So here we are, summer winding down on the Front Range, cone flowers peaked,

 
wildflowers in the mountains a memory, and I’m coming to our 40-year Arapahoe High School reunion. Back then we’d come off a state championship in football in 1970. Unfortunately, we were far from state in the ’71 season—don’t I know. The summer of ’72 cruised in. Mark Spitz won a record seven gold medals at the summer Olympics. Then he was asked to leave the Olympics early because he was Jewish, after our first big taste of terrorism, the Munich massacre, overshadowed the games with Israeli athletes kidnapped. It only took thirty-six years for Michael Phelps to beat that record. I got fat, got white hair, my football knee doesn’t bend, and my ear hairs are out of control. Okay, not quite that bad, though it feels that way at times.

In 1972 we worried about a scholarship to college, or would we get drafted to Vietnam. Some already had a scholarship: football to Colorado University or Colorado State University; academic to Notre Dame. Some knew they would not graduate from high school. But the rest of our lives would be on us soon. We had to make plans.

What has happened to the rest of your life? Do you want to share that with others? This reunion is a way of reconnecting, completing at least one circle of life. Funny how things come around. I remember a guy, who I fist-fought in grade school, then later he was a friend and a revered teammate in high school basketball. He passed the ball to me; I passed the ball to him. Maybe I’ll see him.

Do you remember your concerns in high school? Who would go to prom with? Would your zits ever go away? Would you pass the course in history? How could you ever finish that English term paper before the end of the week?

Times were different. I took the bus to school or walked a mile through the cemetery unconcerned that a madman would hijack the bus or a pervert would kidnap me. I could even take in the latest movie, The Godfather, or Jeremiah Johnson, and not worry that a guy dressed as a mobster would come in the theater and open up with his tommy gun.

Did you need thick leather gloves to come to grips with your life then; maybe now; or the in between spots? Can you remember? Do you care to? I have a medical school classmate who does not even know his son, and will soon die of Alzheimer’s. Remembering can be a good thing.

I knew a girl in junior high, but only tangentially as the pretty locker partner of my girlfriend. In high school I dated that pretty locker partner. Then, she became my locker partner for life, my wife. We’ve been married for 36 years, had children and now a grandson.

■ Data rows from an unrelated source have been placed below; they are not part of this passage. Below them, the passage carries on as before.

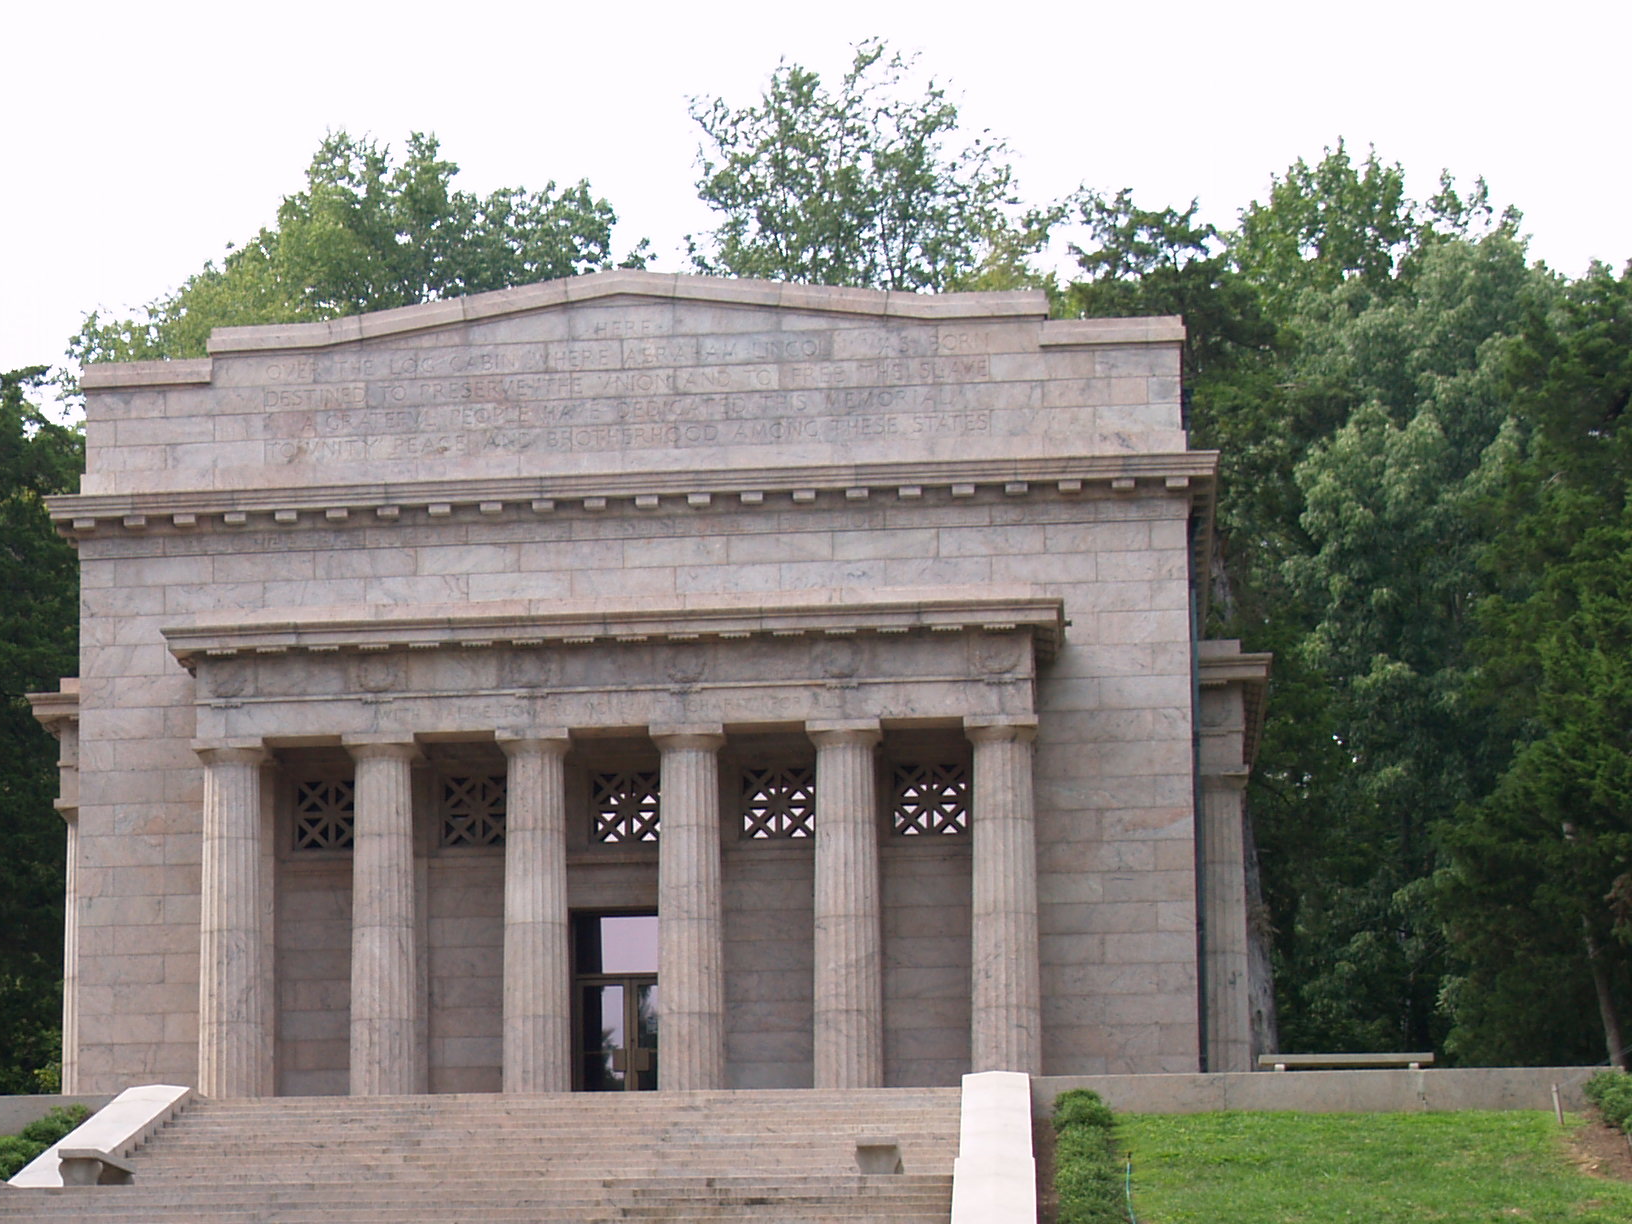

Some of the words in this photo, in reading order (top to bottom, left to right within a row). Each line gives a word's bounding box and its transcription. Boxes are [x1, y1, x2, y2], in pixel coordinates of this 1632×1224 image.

[594, 320, 651, 336] HERE
[266, 360, 322, 381] OVER
[338, 358, 373, 378] THE
[389, 355, 435, 376] LOG
[448, 352, 516, 373] CABIN
[528, 349, 609, 370] WHERE
[931, 332, 989, 351] BORN
[266, 386, 367, 409] DESTINED
[379, 384, 408, 401] TO
[420, 378, 528, 401] PRESERVE
[538, 375, 583, 395] THE
[684, 369, 731, 389] AND
[744, 367, 772, 387] TO
[792, 365, 846, 386] FREE
[859, 362, 902, 382] THE
[919, 359, 988, 380] SLAVE
[301, 414, 314, 431] A
[451, 405, 531, 426] PEOPLE
[544, 401, 601, 422] HAVE
[619, 396, 746, 420] DEDICATED
[760, 393, 808, 413] THIS
[825, 387, 954, 410] MEMORIAL
[267, 440, 295, 459] TO
[394, 434, 467, 455] PEACE
[546, 425, 718, 449] BROTHERHOOD
[734, 419, 819, 440] AMONG
[832, 415, 898, 437] THESE
[912, 413, 988, 434] STATES

My grandson will not likely go to Arapaho High School, but, if I live another thirteen years, I will reconnect with high school ways, through him. I will see him grow through things I did, or didn’t. I hope to have more time with my grandson than with my own children. I was too busy to really enjoy their high school experience. Friends, work, make money, all those things vacuumed my time away forever.

Now we have different worries. Will the fracking going on in what used to be a free space behind my house contaminate the best-tasting water in the world? Will my daughter ever be able to buy a home since the average price of homes has gone up ten times—$27,500 in1972 to $275,000 now—and the average salary of a elementary teacher has only gone up four times from $12,200 to $50,000 a year. Will my grandson see the mountains as my son and I did when we camped in Rocky Mountain National Park?

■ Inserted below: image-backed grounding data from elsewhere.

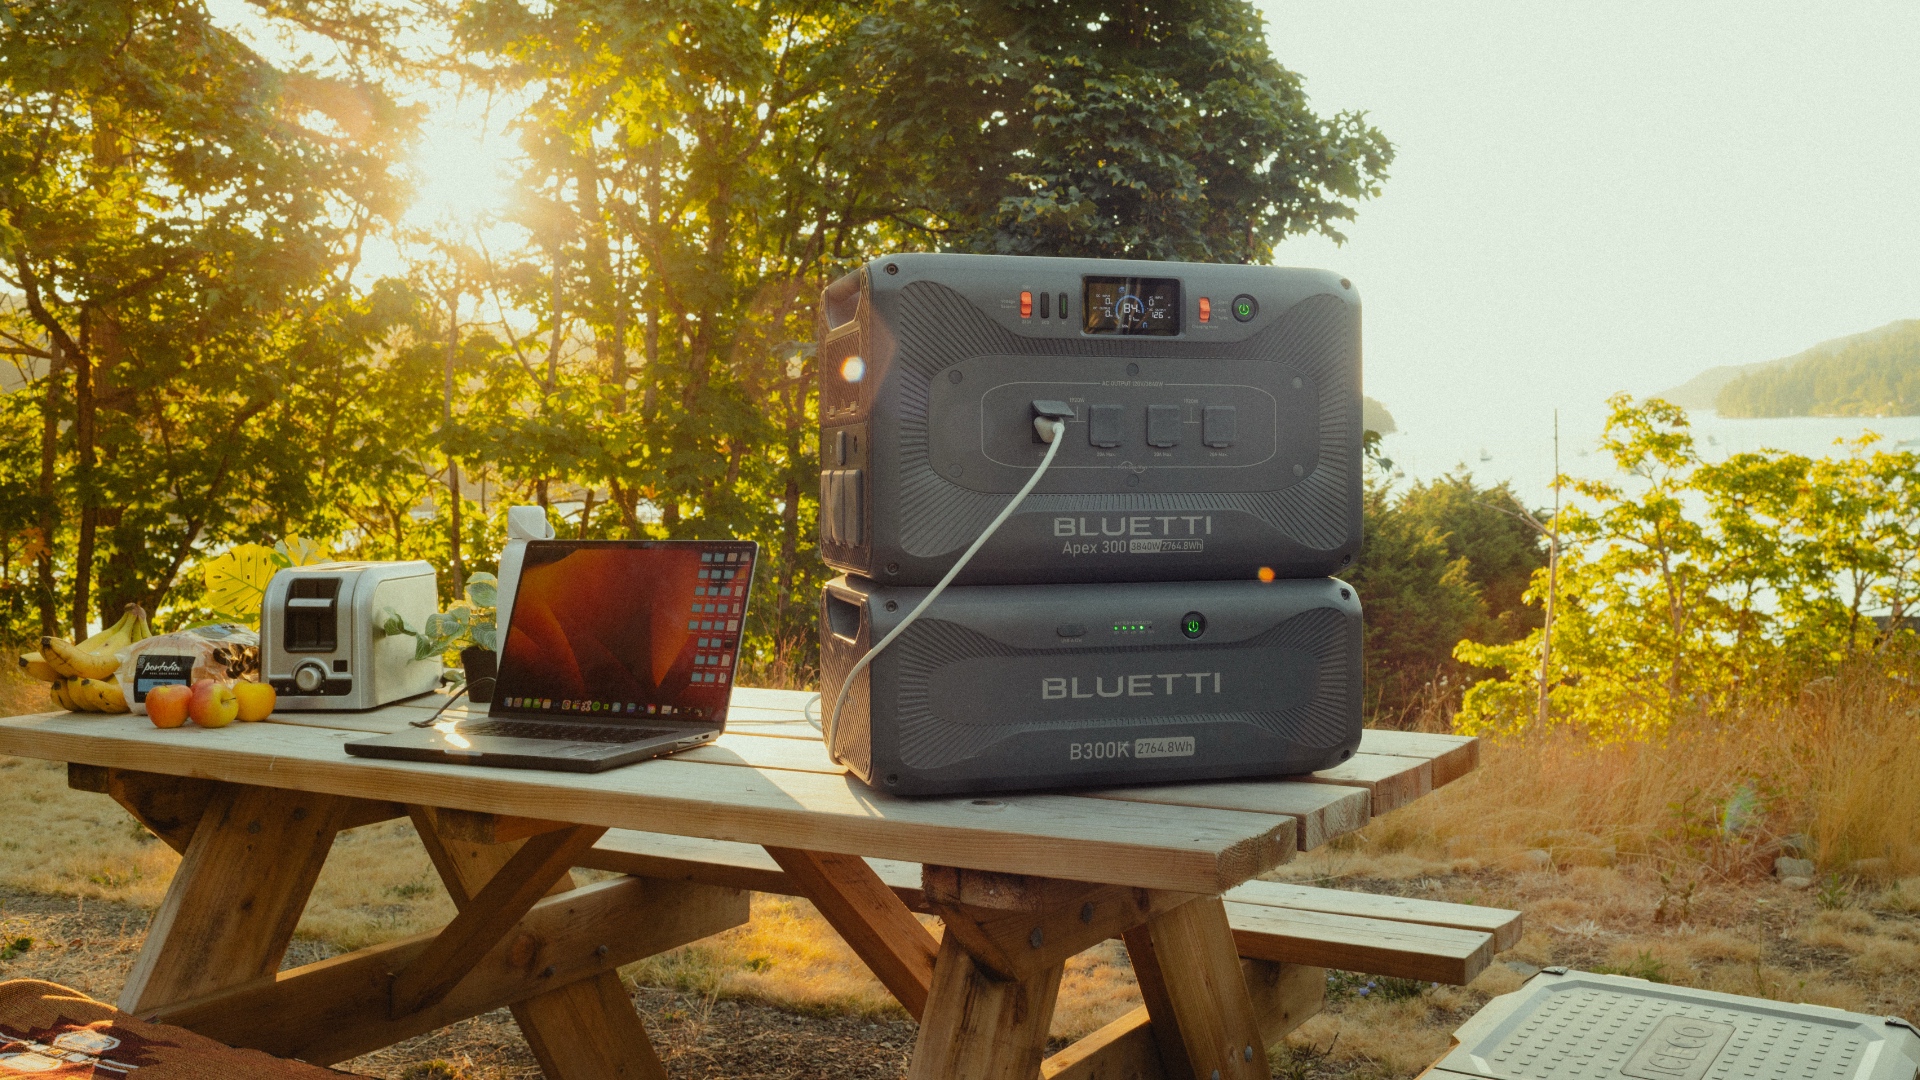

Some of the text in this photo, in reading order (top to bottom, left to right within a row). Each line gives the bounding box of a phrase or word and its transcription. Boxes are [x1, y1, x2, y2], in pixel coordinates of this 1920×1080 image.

[1053, 515, 1212, 537] BLUETTI
[1062, 540, 1203, 557] Apex 300 3840W 2764.8Wh
[1042, 672, 1221, 700] BLUETTI
[1070, 740, 1193, 760] B300K 2764.8Wh
[1640, 1025, 1715, 1078] ICECO

Now beetle-kill trees, almost beautiful in the fall with their rust-colored hews offsetting the apple-green and yellow aspen, and what’s left of dark green pine trees, are ninety percent of the forest on the Western Slope. Here, just north of Fort Collins, the High Park Fire consumed over 25,000 acres, racing through beetle-killed trees and drought-crisp forests. Subsequent rains flooded the hillsides and turned the Poudre River black with soot, killed thousands of fish and destroyed entire mountains. Is there global warming?

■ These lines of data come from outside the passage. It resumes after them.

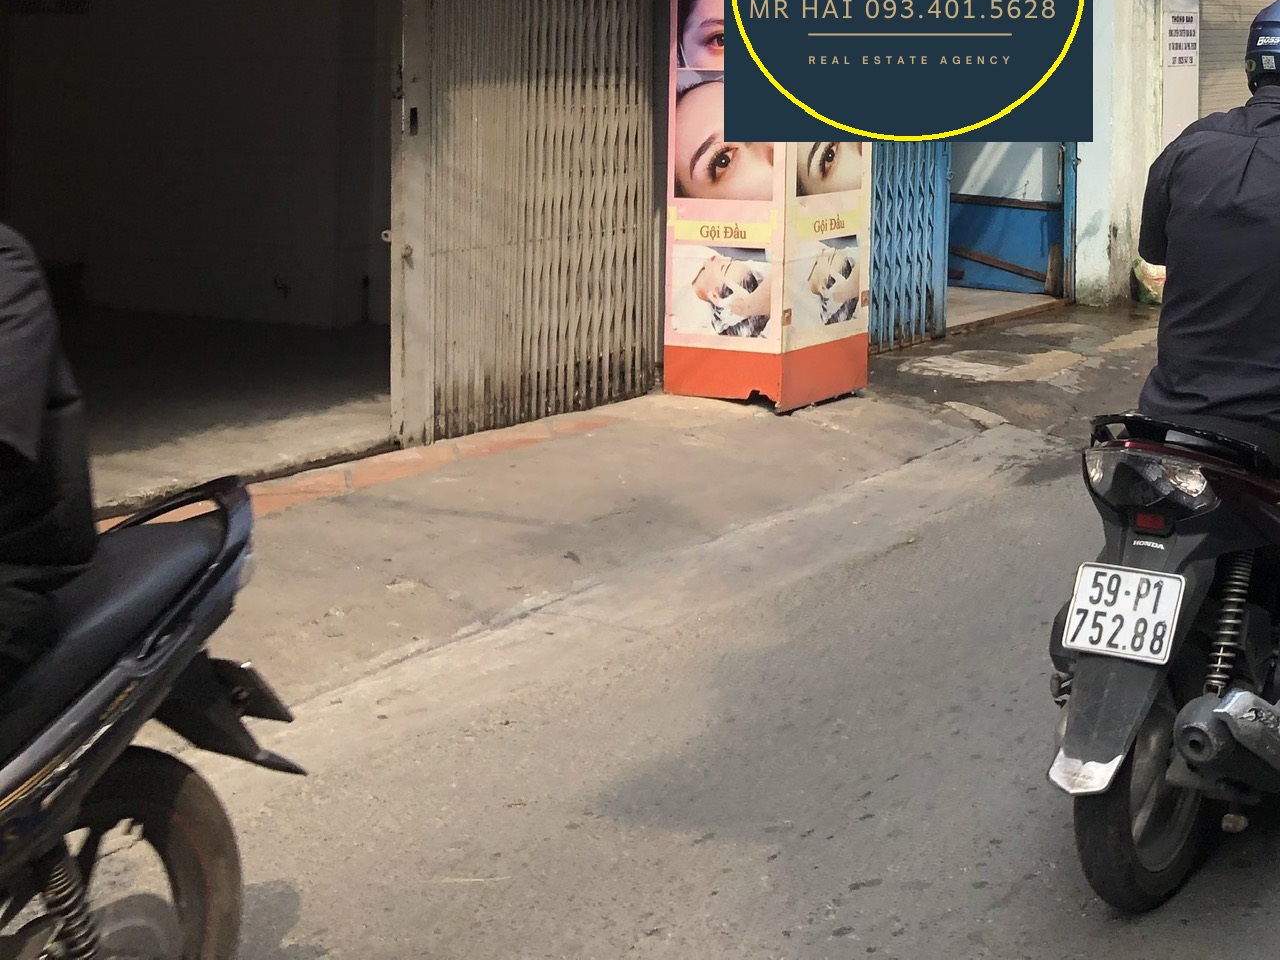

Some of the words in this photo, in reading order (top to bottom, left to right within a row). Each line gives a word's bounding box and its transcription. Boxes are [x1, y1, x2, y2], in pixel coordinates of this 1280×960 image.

[700, 225, 720, 240] Gội
[724, 223, 747, 239] Đầu
[813, 220, 828, 234] Gội
[830, 214, 845, 230] Đầu
[1132, 540, 1165, 550] HONDA
[1089, 571, 1164, 614] 59-P1
[1070, 608, 1167, 655] 752.88
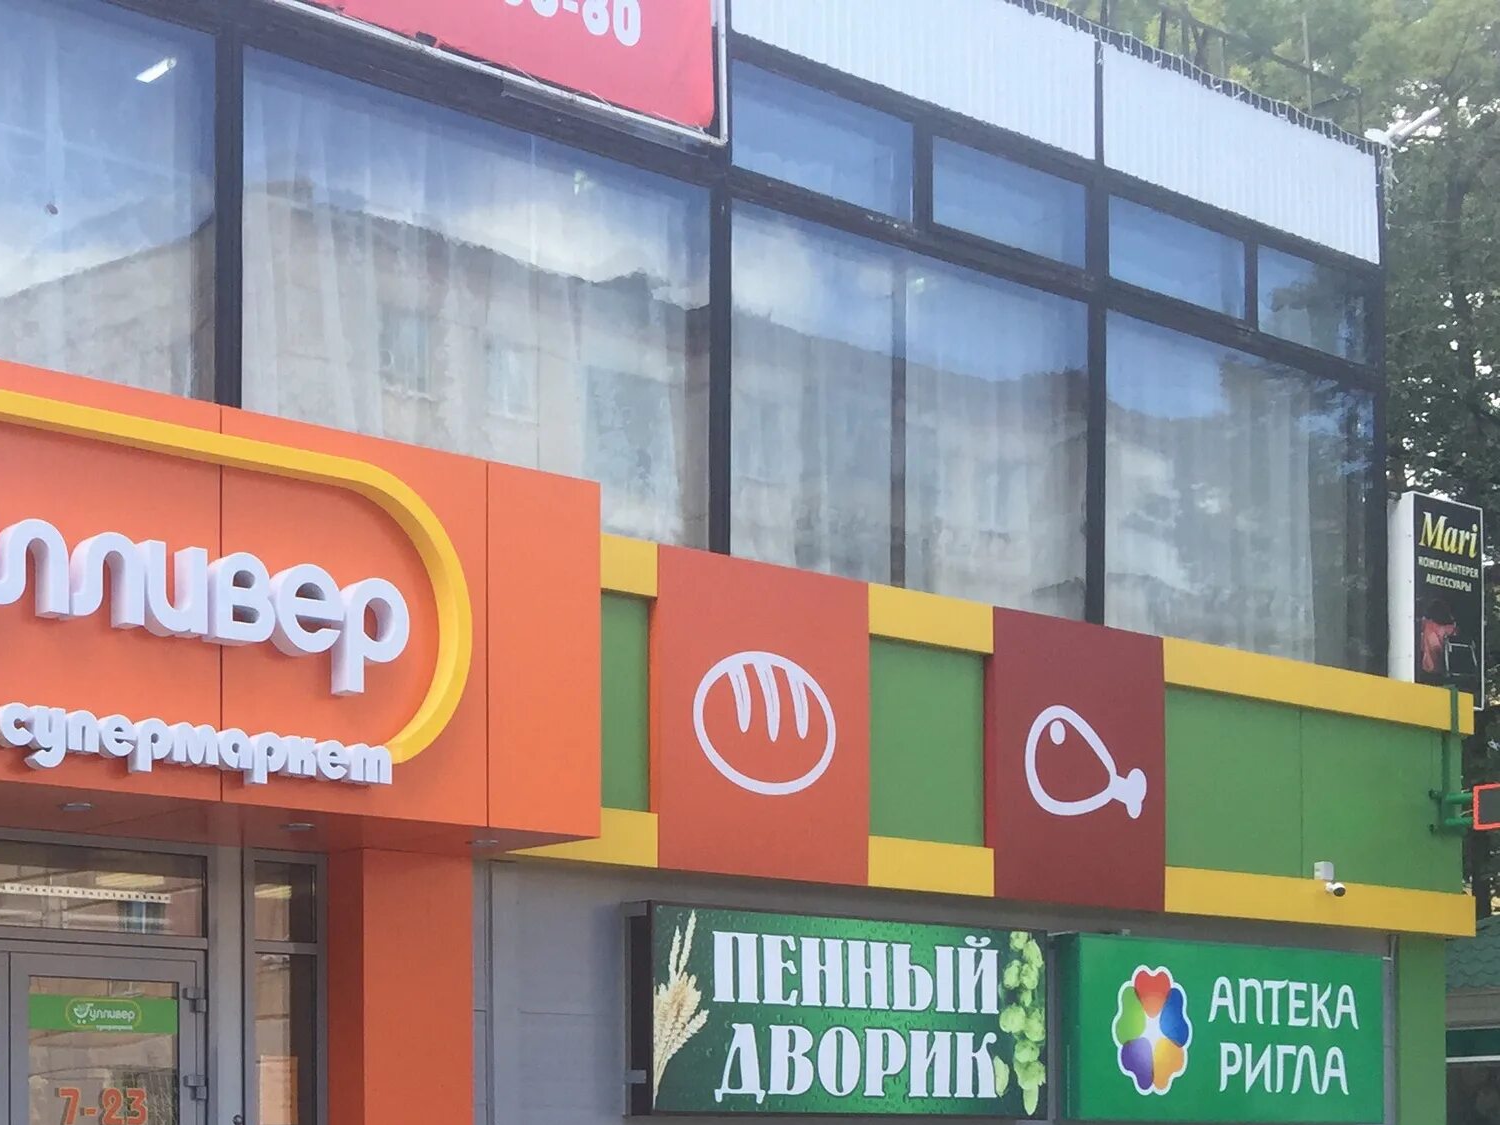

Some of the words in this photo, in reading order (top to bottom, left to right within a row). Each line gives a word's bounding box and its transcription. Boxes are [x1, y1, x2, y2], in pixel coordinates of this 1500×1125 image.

High Park Fire made for beautiful sunsets.

What the heck am I going to do about those darn aspen trees coming up through my lawn?

But, hey, some things don’t change. We still have wars that take our children’s arm, or eye, or even worse, their mind so they can never enjoy the world in any form for the rest of their lives. Vietnam just changed names.

And, if my fourteen-year-old Labrador retriever poops in the house again . . .

Awh. Look at that face! She won’t do it again. Honest.

So, I’m going to the reunion to escape the current worries, have a great meal, get drunk and . . . okay, not really. I want to reconnect to a time of less intensity, when you had time to think without a tweet or cellphone bleep interrupting your thoughts. Or, maybe I want to at least put those times in perspective. They were different, and in some ways much more joyful, easier, simpler. Though, at the time, those pimples and getting that certain girl to notice me seemed pretty damn serious. For God’s sake I might have never had a family. I could have been a lonely bachelor and lived as a hermit in a time machine like Dr. Who. Hmm.

I’d like to see you, talk with you, find out where your life has gone, what has happened with you, discuss and laugh at the old times and perhaps share your current hopes and dreams over a pint of Easy Street beer, or a wee dram of Glen Morangie Scotch, or maybe just a Diet Coke. All these things are what make life interesting and what make us human beings. Our social nature cannot be denied. We learn lessons from others, and who knows, others might learn from us. The collective will grow.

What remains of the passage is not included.